Problem – Once the line containing "this 1344×1512 image." appears, output it and each remaining line of the records below exactly, with no pictures and nothing more.

Dataset records –
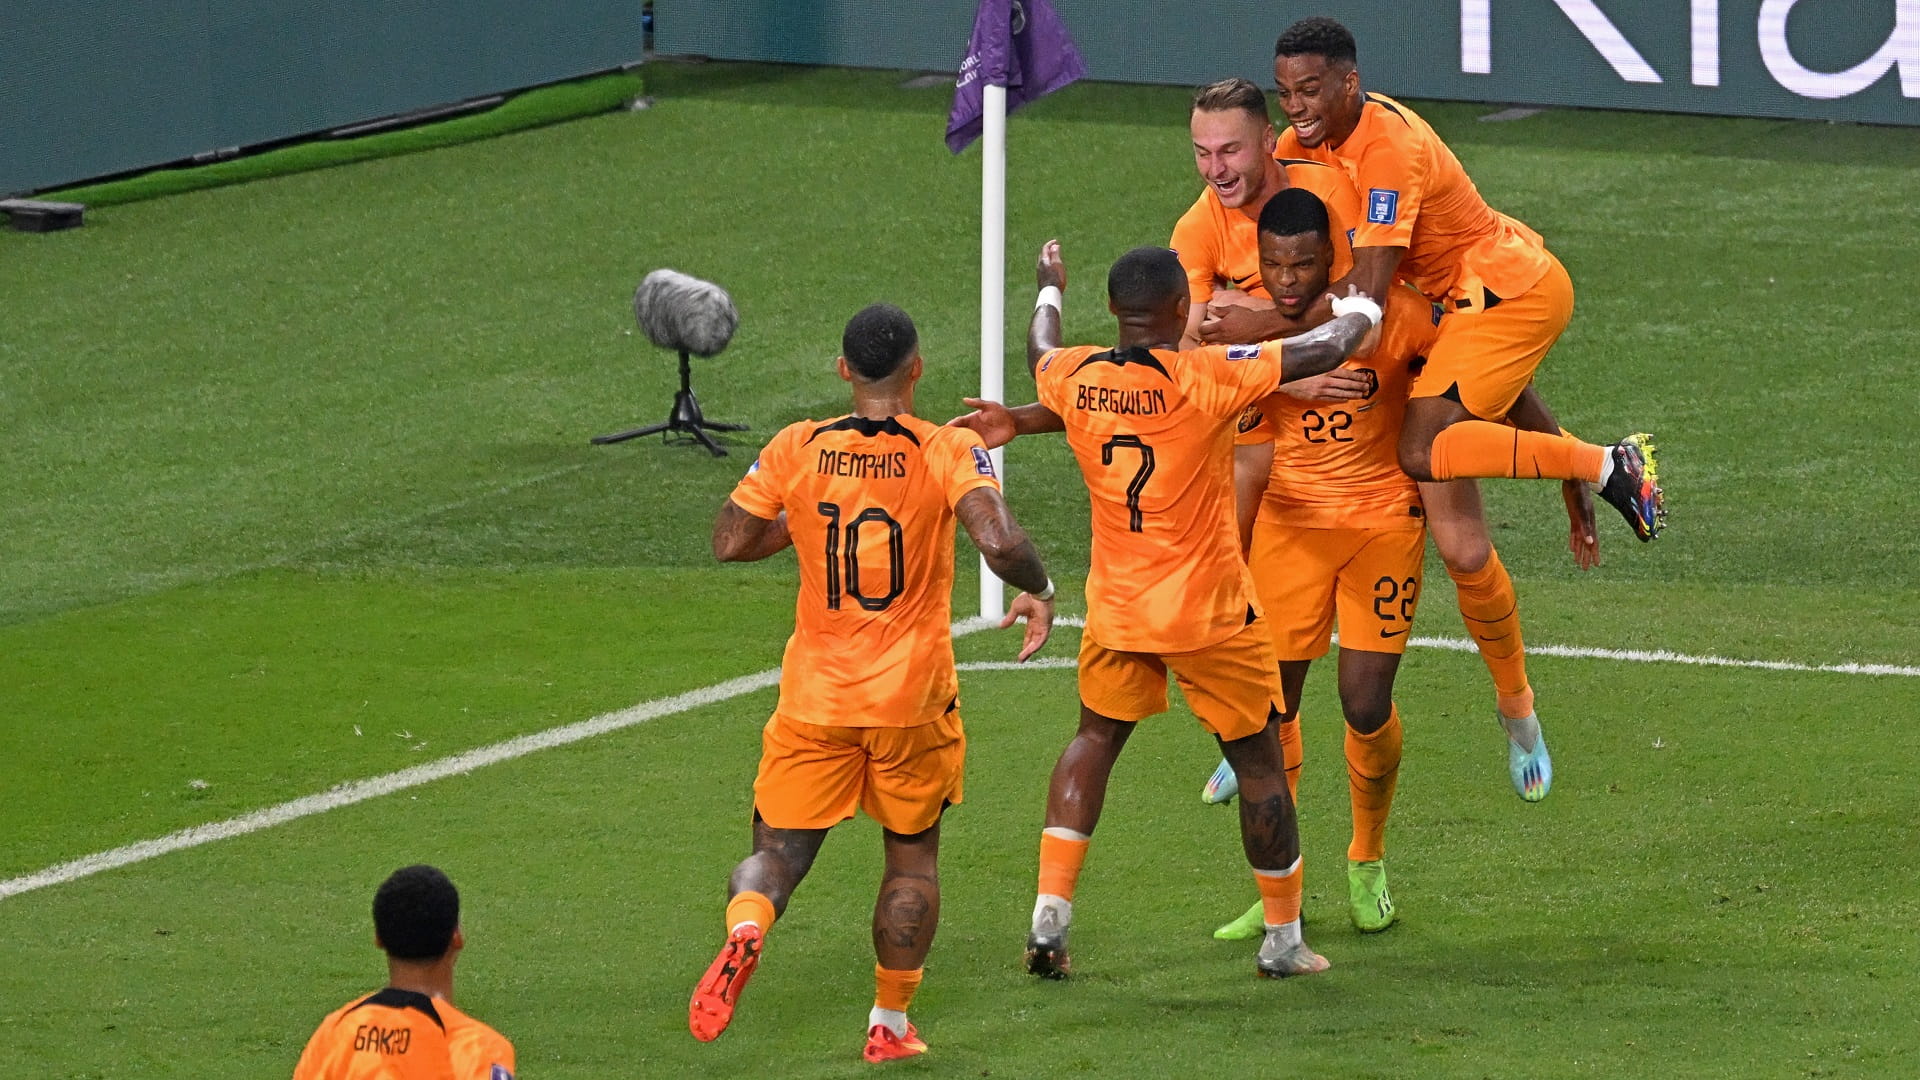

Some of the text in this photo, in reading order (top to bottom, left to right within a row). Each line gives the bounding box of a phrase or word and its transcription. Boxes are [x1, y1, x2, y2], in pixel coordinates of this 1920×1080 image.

[959, 51, 981, 74] ORL
[1077, 384, 1167, 415] BERGWIJN
[1302, 409, 1354, 443] 22
[1102, 434, 1155, 533] 7
[817, 501, 905, 611] 10
[1373, 576, 1417, 622] 22
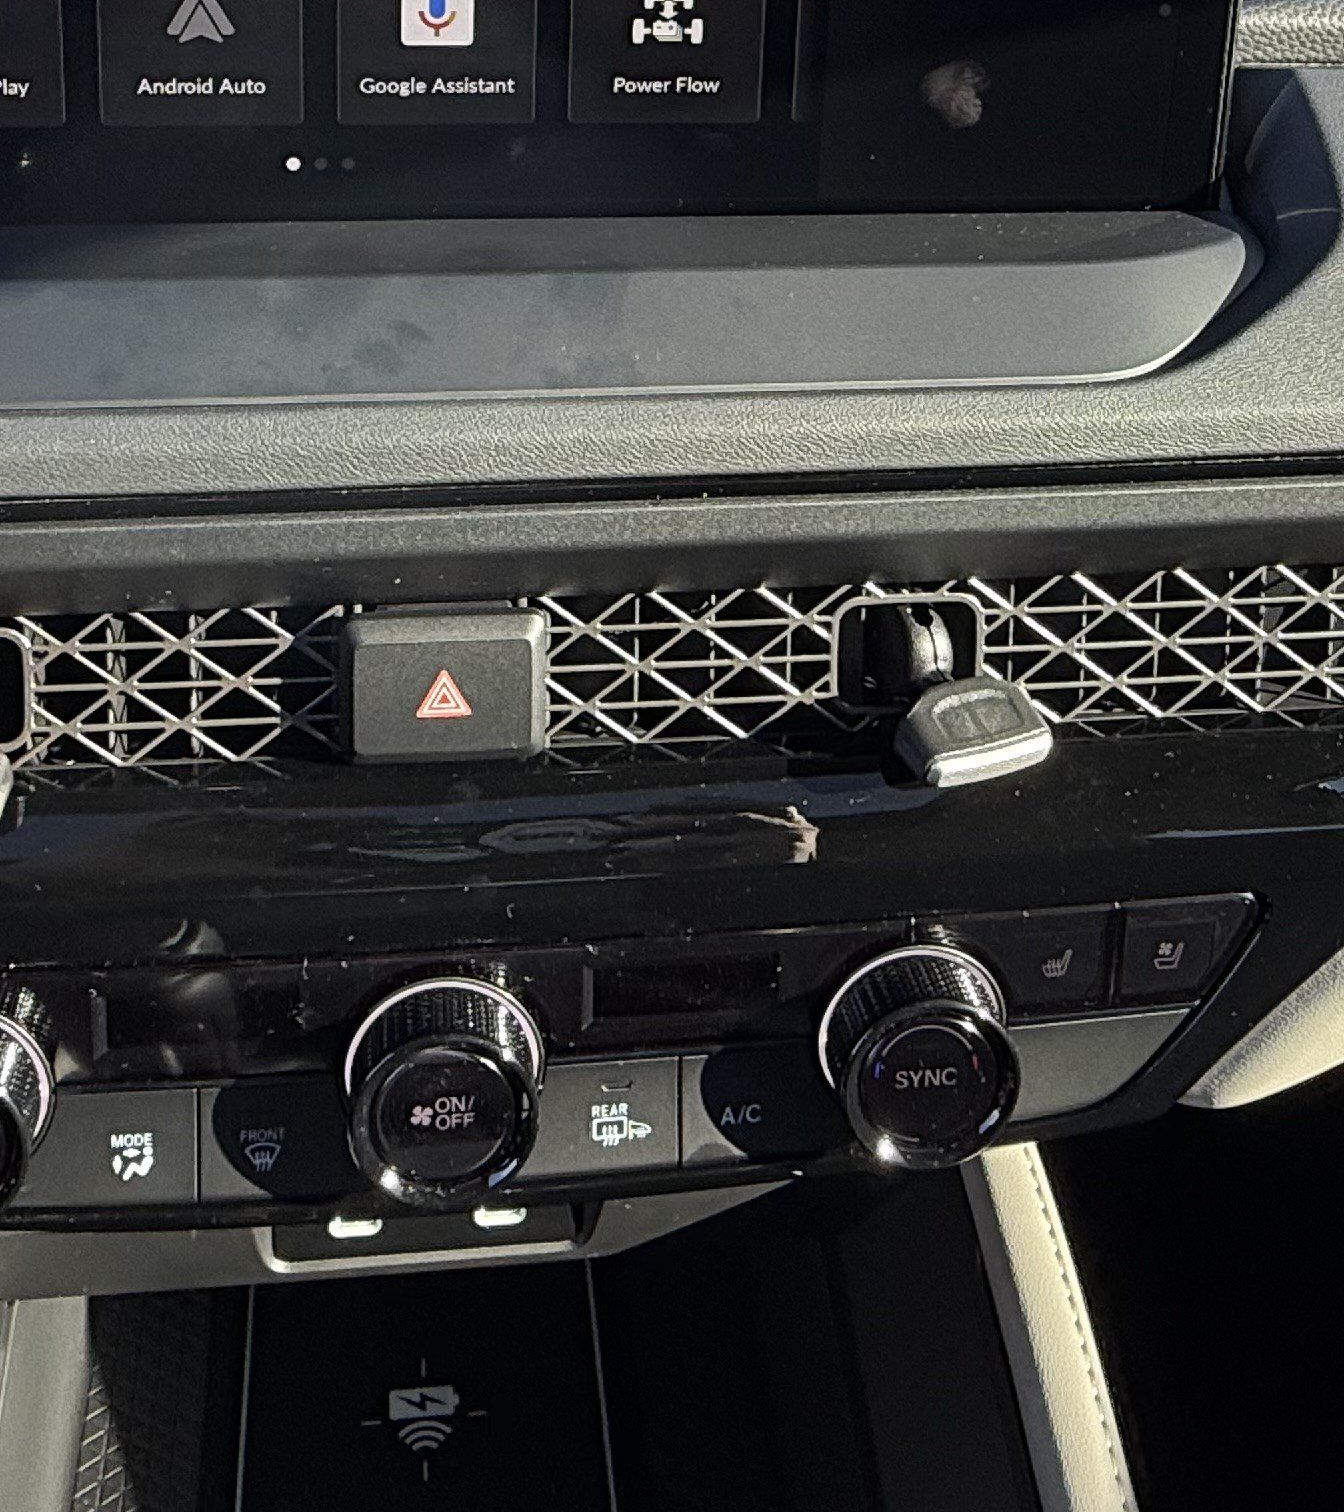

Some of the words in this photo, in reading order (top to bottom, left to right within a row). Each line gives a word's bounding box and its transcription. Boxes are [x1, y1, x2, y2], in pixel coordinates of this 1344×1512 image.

[137, 76, 213, 96] Android
[218, 76, 266, 96] Auto
[359, 76, 426, 100] Google
[431, 75, 516, 96] Assistant
[613, 76, 671, 96] Power
[676, 75, 720, 96] Flow
[895, 1066, 958, 1091] SYNC
[435, 1096, 476, 1114] ON/
[591, 1104, 629, 1118] REAR
[435, 1111, 478, 1131] OFF
[720, 1106, 762, 1126] A/C
[111, 1134, 154, 1148] MODE
[240, 1128, 286, 1144] FRONT
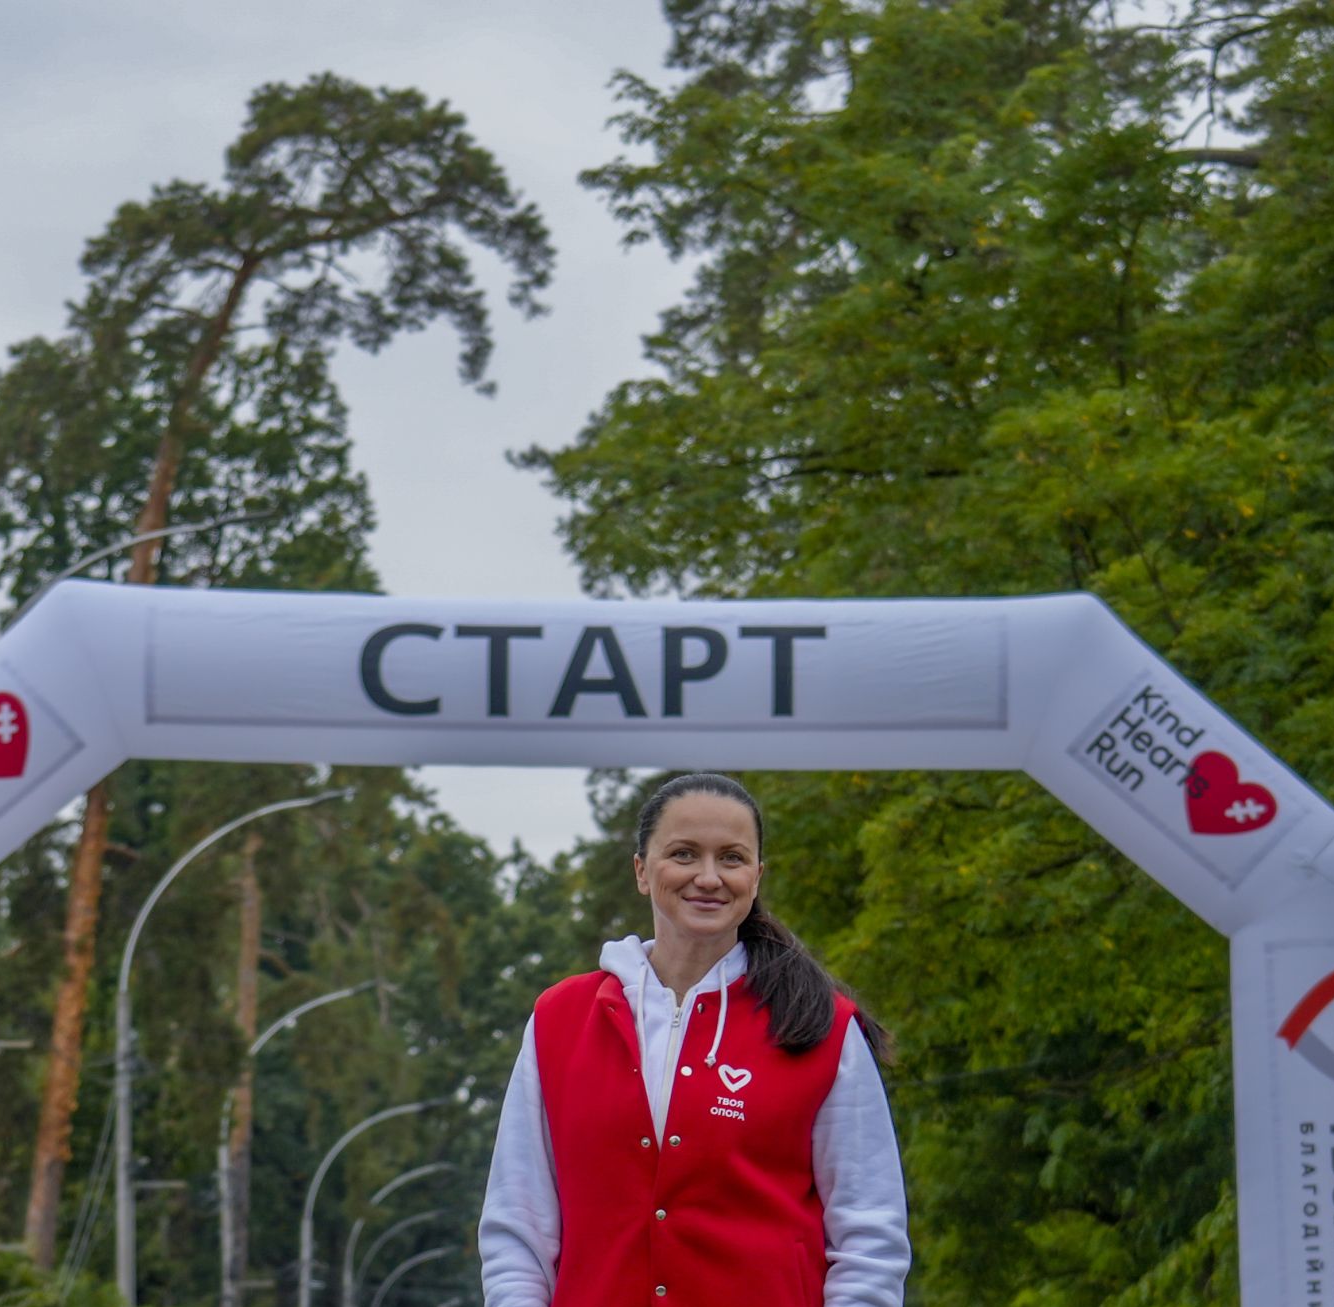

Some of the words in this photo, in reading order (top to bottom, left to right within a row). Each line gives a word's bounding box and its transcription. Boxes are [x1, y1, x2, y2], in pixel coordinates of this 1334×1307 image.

[358, 622, 827, 719] СТАРТ
[1132, 685, 1206, 748] Kind
[1085, 730, 1145, 792] Run
[1108, 706, 1210, 799] Hearts
[710, 1106, 745, 1121] ОПОРА
[717, 1096, 744, 1109] ТВОЯ

Written answer –
Some of the words in this photo, in reading order (top to bottom, left to right within a row). Each line gives a word's bounding box and its transcription. Boxes are [x1, y1, x2, y2], in pixel coordinates of this 1344×1512 image.

[137, 76, 213, 96] Android
[218, 76, 266, 96] Auto
[359, 76, 426, 100] Google
[431, 75, 516, 96] Assistant
[613, 76, 671, 96] Power
[676, 75, 720, 96] Flow
[895, 1066, 958, 1091] SYNC
[435, 1096, 476, 1114] ON/
[591, 1104, 629, 1118] REAR
[435, 1111, 478, 1131] OFF
[720, 1106, 762, 1126] A/C
[111, 1134, 154, 1148] MODE
[240, 1128, 286, 1144] FRONT

Some of the words in this photo, in reading order (top to bottom, left to right within a row). Each line gives a word's bounding box and its transcription. Boxes are [x1, y1, x2, y2], in pixel coordinates of this 1334×1307 image.

[358, 622, 827, 719] СТАРТ
[1132, 685, 1206, 748] Kind
[1085, 730, 1145, 792] Run
[1108, 706, 1210, 799] Hearts
[710, 1106, 745, 1121] ОПОРА
[717, 1096, 744, 1109] ТВОЯ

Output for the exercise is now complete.